E. Mark Sullivan and Sydney R. Wrightington, both of Boston, for respondents.


The question presented by this record is the constitutionality of St. 1912, c. 706, as amended by St. 1913, cc. 330 and 673, and St. 1914, c. 368, establishing the minimum wage commission. Sections 1 and 2 of the act regulate the appointment, compensation, clerical assistance and office accommodations of the commission. Section 3 states its duty to be

‘to inquire into the wages paid to the female employés in any occupation in the commonwealth, if the commission has reason to believe that the wages paid to a substantial number of such employés are inadequate to supply the necessary cost of living and to maintain the worker in health.’

Section 4 authorizes the commission, when of opinion after investigation that the wages of a substantial number of women in any occupation are thus inadequate, to form a wage board composed of an equal number of representatives of the employers and of the employés in the specified industry and of one or more representatives of the public, not exceeding one-half the number of representatives of either of the other parties. Section 5 empowers the commission to send to such wage board all pertinent information in its possession relative to the wages in the occupation in question, and requires that the wage board, after taking into consideration

‘the needs of the employés, the financial condition of the occupation and the probable effect thereon of any increase in the minimum wages paid, shall endeavor to determine the minimum wage, whether by time rate or piece rate, suitable for a female employé of ordinary ability in the occupation in question, or for any or all of the branches thereof, and also suitable minimum wages for learners and apprentices and for minors below the age of eighteen years. When two-thirds of the members of a wage board shall agree upon minimum wage determinations, they shall report such determinations to the commissions, together with the reasons therefor and the facts relating thereto, and also the names so far as they can be ascertained by the board, of employers who pay less than the minimum wage so determined.’

Section 6 directs the commission to review each report made by a wage board, empowering it to approve or to disapprove any or all of its determinations, or to recommit the subject to the same or a new wage board. If the commission approves any or all of the determinations of the wage board it shall then, after seasonable notice, give a public hearing to all employers paying less than the minimum wage thus tentatively approved. If, after such public hearing.

‘the commission finally approves the determination, it shall enter a decree of its findings and note thereon the names of employers, so far as they may be known to the commission, who fail or refuse to accept such minimum wage and to agree to abide by it.’

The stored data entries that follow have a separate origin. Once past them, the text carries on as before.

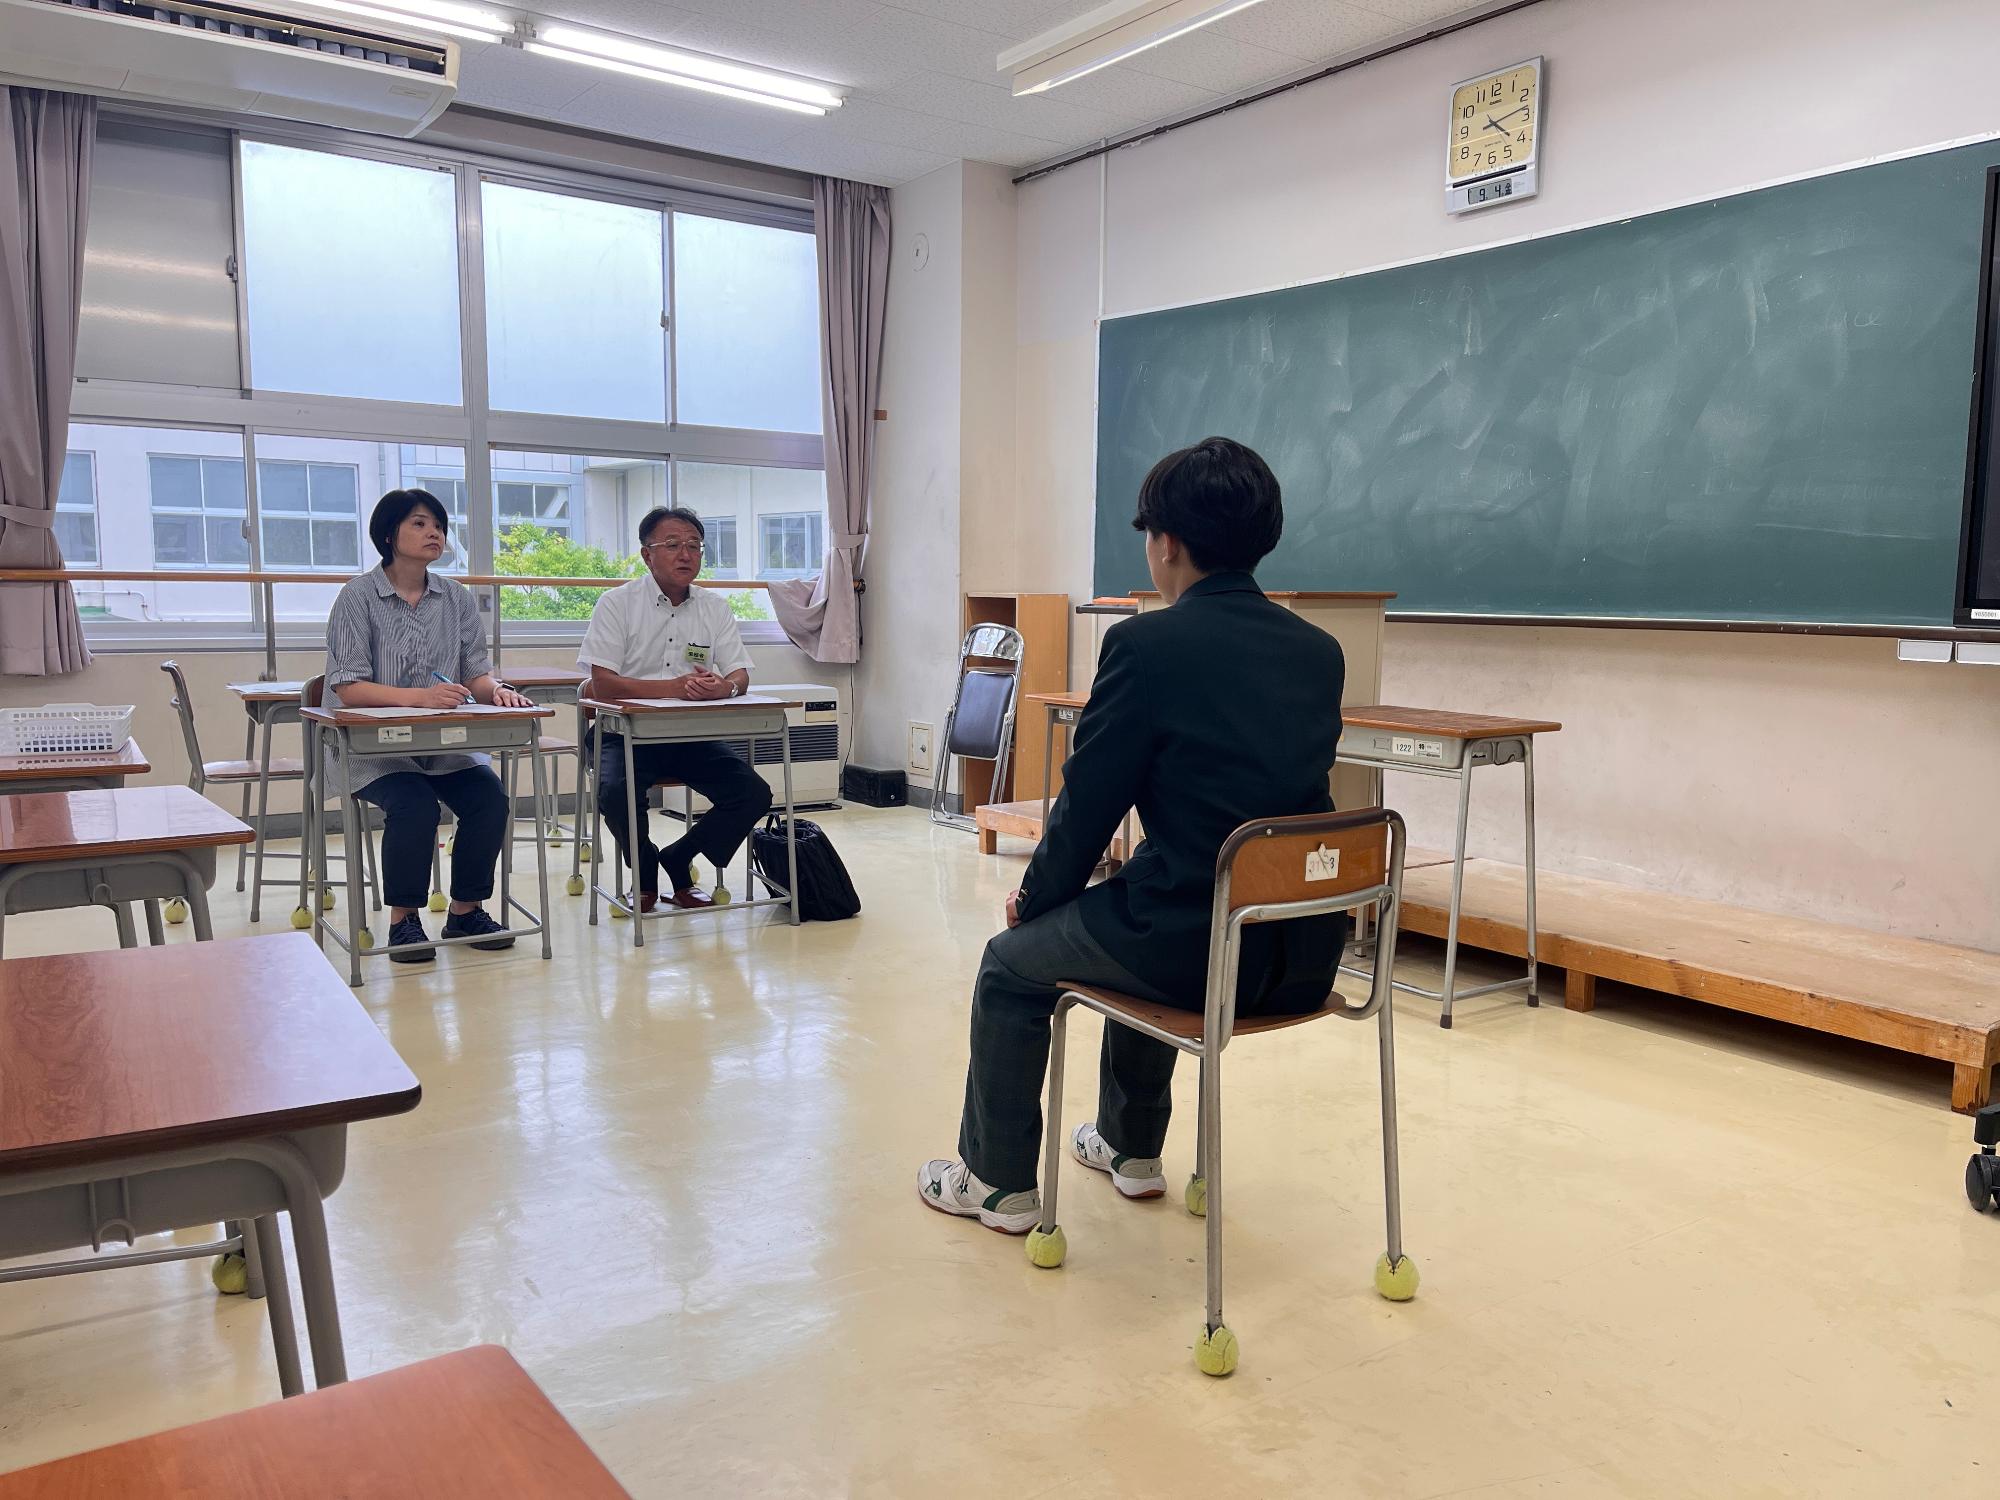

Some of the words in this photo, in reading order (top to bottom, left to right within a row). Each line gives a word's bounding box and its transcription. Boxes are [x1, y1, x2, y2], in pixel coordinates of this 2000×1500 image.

[1476, 89, 1486, 103] 11
[1491, 82, 1502, 97] 12
[1520, 88, 1529, 102] 2
[1463, 105, 1475, 119] 10
[1521, 107, 1530, 121] 3
[1460, 125, 1469, 139] 9
[1517, 130, 1526, 143] 4
[1461, 146, 1470, 160] 8
[1488, 150, 1497, 164] 6
[1503, 144, 1512, 159] 5
[1473, 153, 1482, 167] 7
[1396, 743, 1412, 752] 1222

The commission shall publish a summary of its findings and its recommendations and the facts as it finds them to be as to the acceptance of its recommendations by employers in the given industry, together with the names of those adopting or refusing to follow such recommendations. By section 14 the commission is vested with power to reinvestigate these facts from time to time thereafter and to publish the names of employers failing to observe its recommendations. Any employer, who files a declaration under oath to the effect that compliance with the recommendations of the commission would render it impossible for him to conduct his business at a reasonable profit, shall be entitled to a review of such recommendations by the Supreme Judicial Court or the superior court according to equity procedure. If the court finds that the averments of the declaration are sustained, it may restrain the publication of the complainant's name, but not otherwise affect the determination of the commission. Section 8 provides for reinvestigation after a minimum wage has been established, with the same procedure as in an original inquiry. Section 9 authorizes the commission to issue special certificates for employment in certain instances to women physically defective. Section 10 confers upon the commission similar powers respecting wages paid to minors in any occupation in which the majority of employés are minors. Section 11 enjoins employers to keep registers of the names, addresses, occupation and weekly wages of women and minor employés and to submit them to the commission or director of the bureau of statistics on request. Section 12 relates to the gathering of statistics. Section 13 prohibits employers from discrimination against employés because of testifying or serving on a wage board or giving information concerning conditions of employment. Section 15 imposes a penalty upon ‘any newspaper refusing or neglecting to publish the findings, decrees and notices of the commission at its regular rates for the space taken,’ and section 16 exonerates the members of the commission and publishers of newspapers from actions for damages for publishing the names of employers in accordance with the act ‘unless such publication contains some wilfull misrepresentation.’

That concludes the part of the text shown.